* [Task instructions]: Omit the images and retype the records verbatim.

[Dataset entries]
━━━━━━━━━━━━━━━━━━━━━━━━━━━━━━

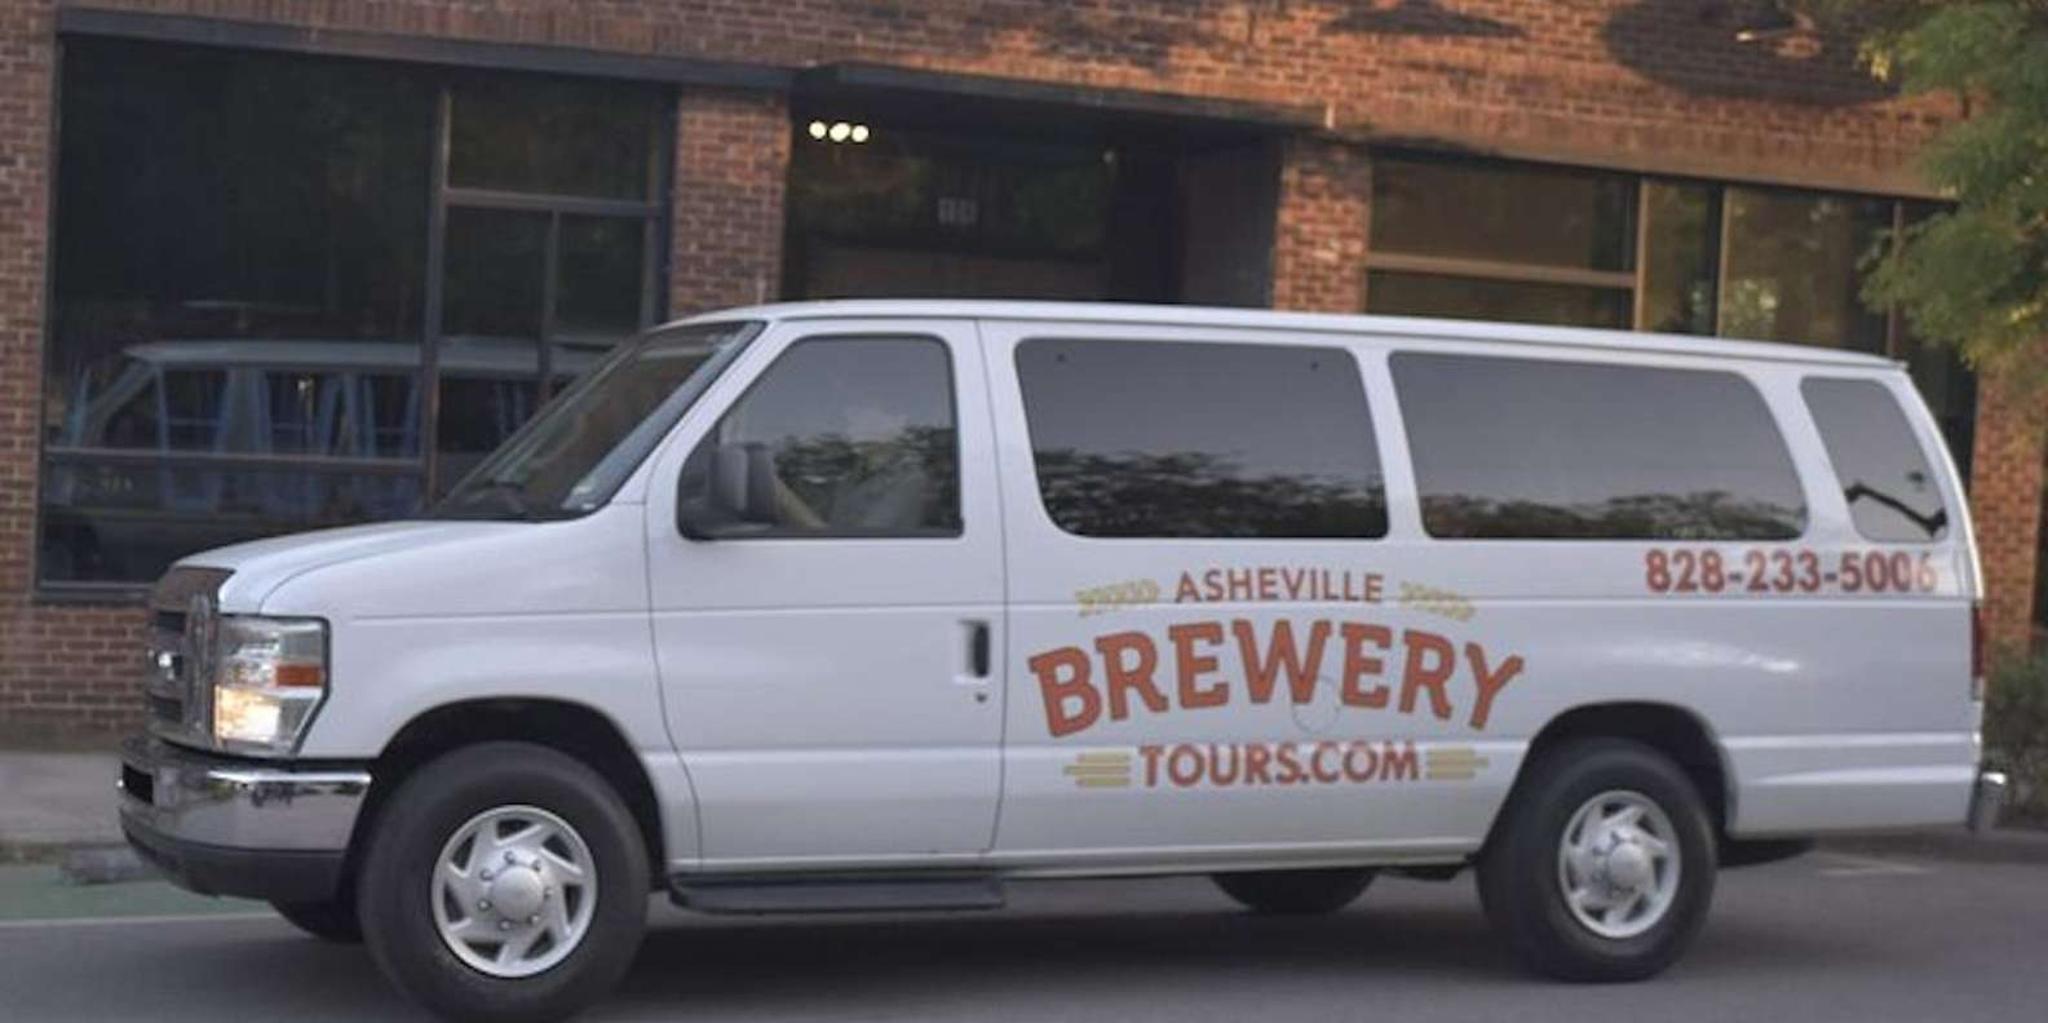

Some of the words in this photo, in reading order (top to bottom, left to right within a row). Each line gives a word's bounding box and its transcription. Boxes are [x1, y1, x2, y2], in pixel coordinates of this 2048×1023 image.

[1174, 569, 1384, 603] ASHEVILLE
[1645, 549, 1937, 592] 828-233-5006
[1028, 618, 1524, 738] BREWERY
[1139, 742, 1419, 788] TOURS.COM

━━━━━━━━━━━━━━━━━━━━━━━━━━━━━━

* [Solution for this exercise]:
Some of the words in this photo, in reading order (top to bottom, left to right within a row). Each line gives a word's bounding box and its transcription. Boxes are [x1, y1, x2, y2], in pixel coordinates of this 2048×1023 image.

[1174, 569, 1384, 603] ASHEVILLE
[1645, 549, 1937, 592] 828-233-5006
[1028, 618, 1524, 738] BREWERY
[1139, 742, 1419, 788] TOURS.COM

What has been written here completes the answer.